Problem statement: Reproduce the records below exactly as they appear, omitting any pictures they contain.

Given entries:
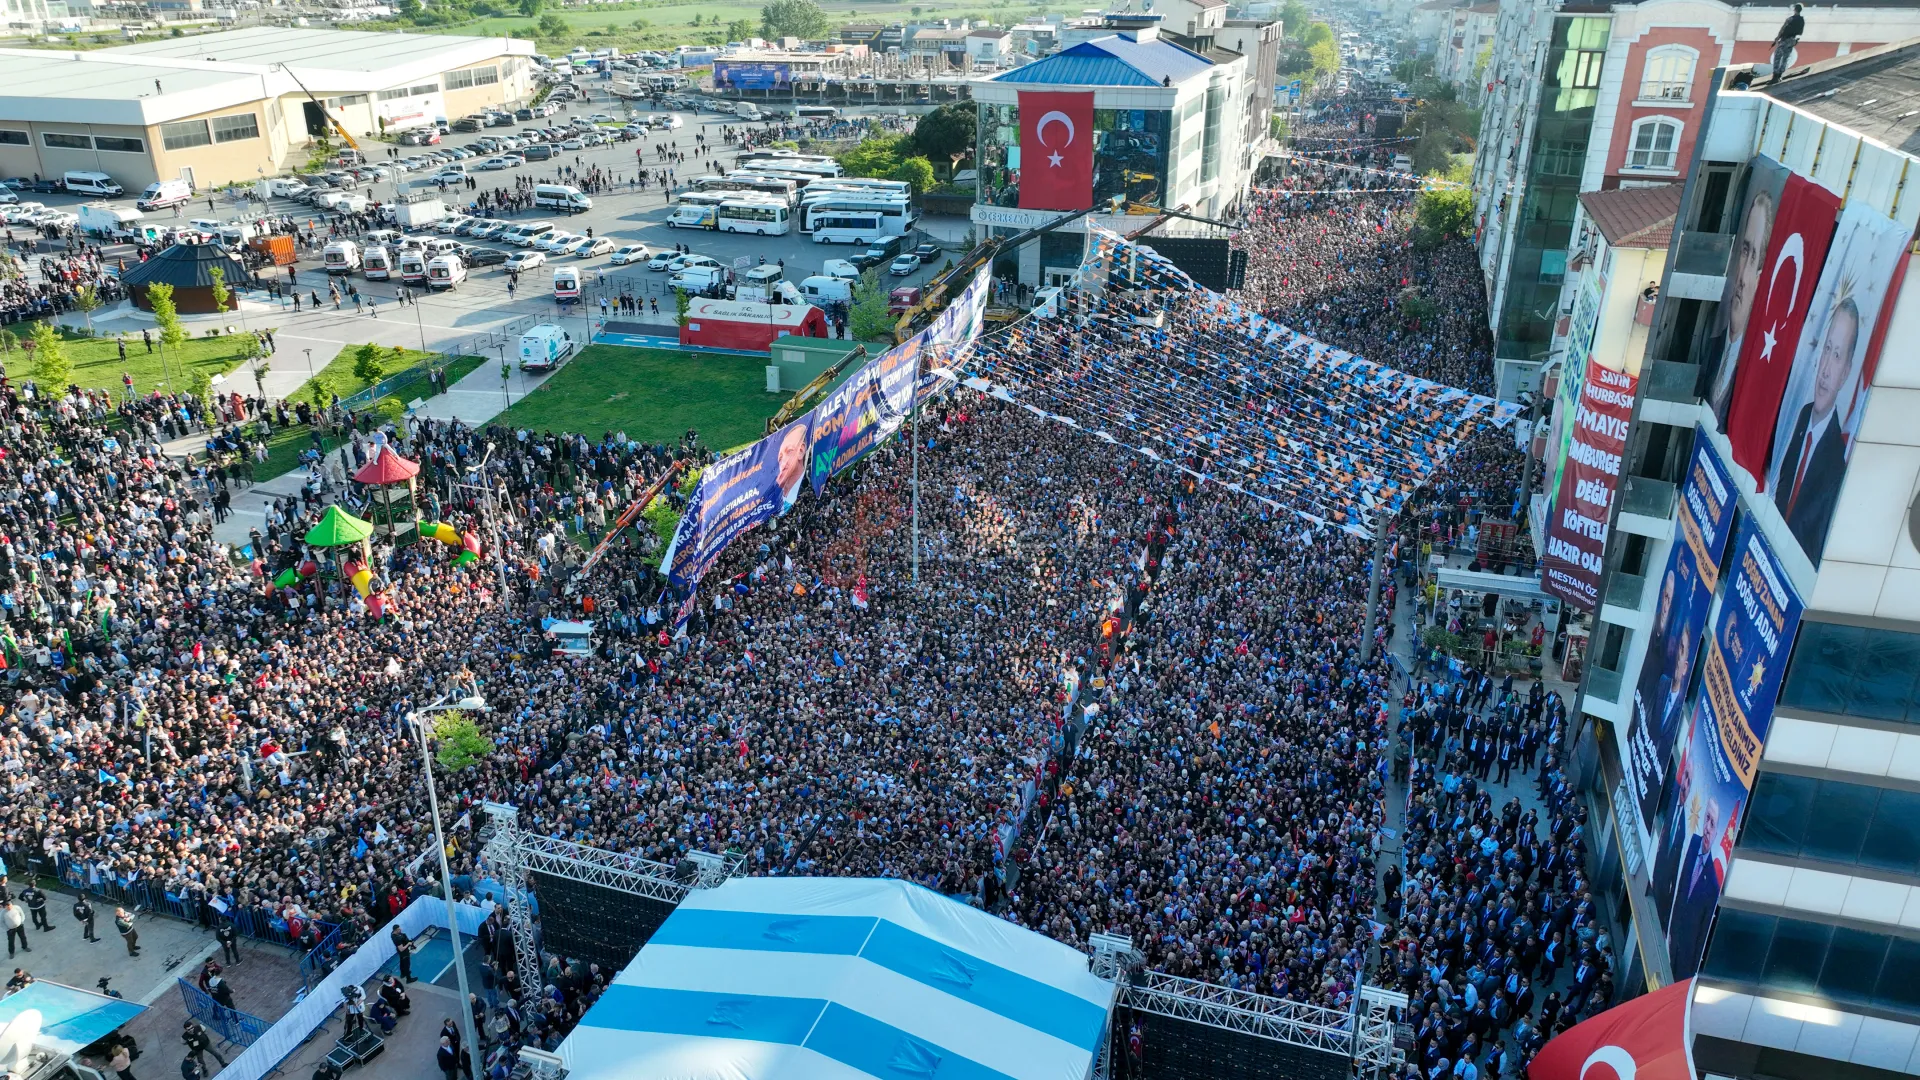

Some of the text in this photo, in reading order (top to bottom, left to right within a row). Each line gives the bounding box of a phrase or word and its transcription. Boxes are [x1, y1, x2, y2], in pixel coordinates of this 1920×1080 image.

[712, 309, 738, 318] SAĞLIK
[1600, 369, 1631, 389] SAYIN
[1575, 478, 1608, 508] DEĞİL
[1548, 535, 1602, 576] HAZIR OLA
[1548, 568, 1585, 591] MESTAN
[1735, 571, 1759, 620] DOĞRU
[1754, 610, 1779, 659] ADAM
[1760, 586, 1785, 635] ZAMAN
[1723, 723, 1751, 777] GELDİNİZ
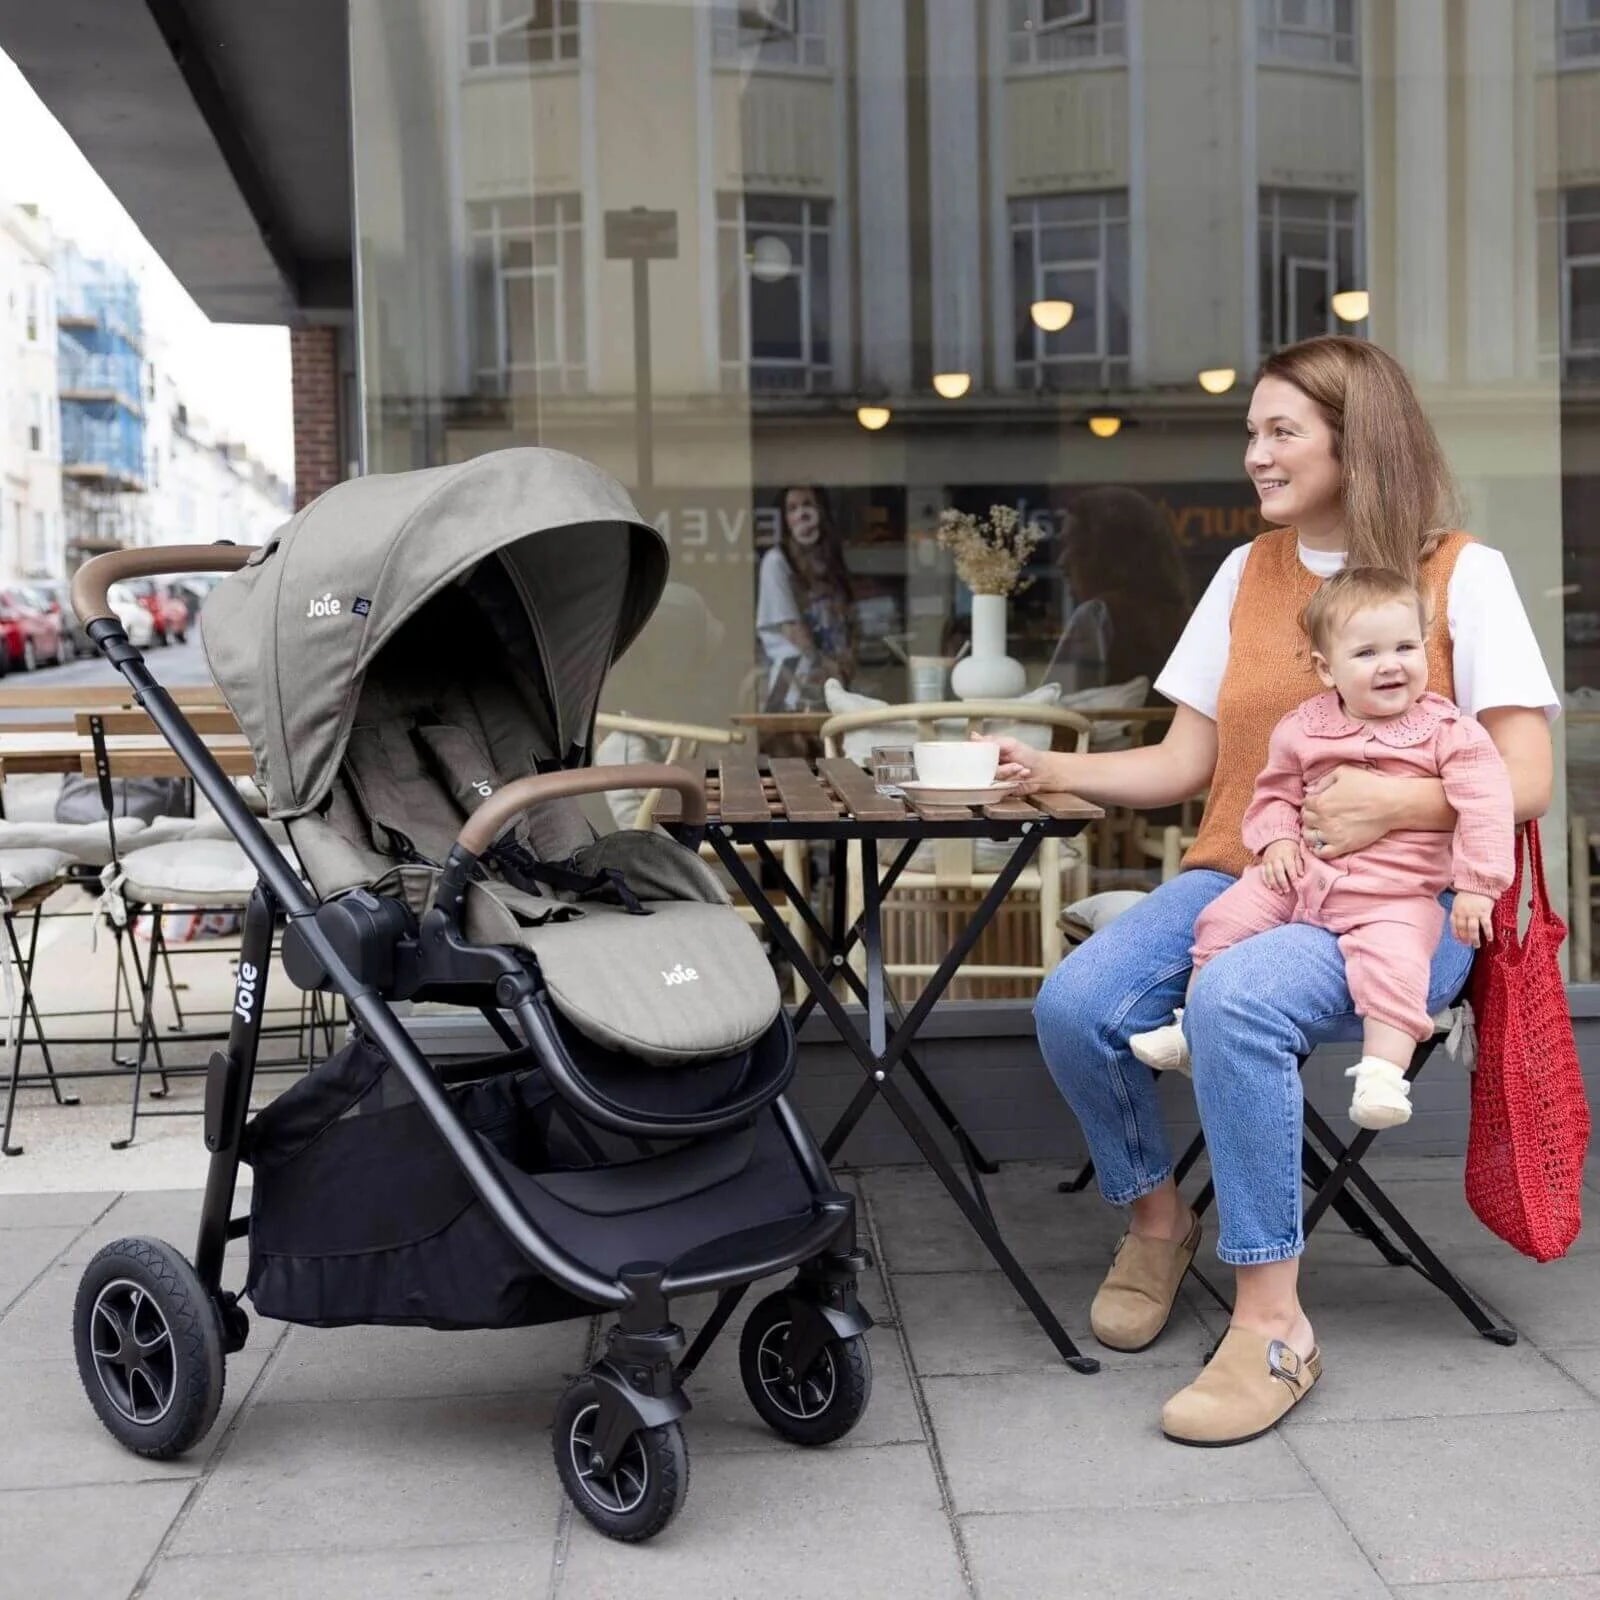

Response area:
Some of the text in this photo, in reading order (top to bottom, left to right within a row). Each line gives the bounding box of a phrase or word and its transcription. Boxes are [x1, y1, x2, y2], in pixel coordinates of this 1920×1080 image.

[712, 309, 738, 318] SAĞLIK
[1600, 369, 1631, 389] SAYIN
[1575, 478, 1608, 508] DEĞİL
[1548, 535, 1602, 576] HAZIR OLA
[1548, 568, 1585, 591] MESTAN
[1735, 571, 1759, 620] DOĞRU
[1754, 610, 1779, 659] ADAM
[1760, 586, 1785, 635] ZAMAN
[1723, 723, 1751, 777] GELDİNİZ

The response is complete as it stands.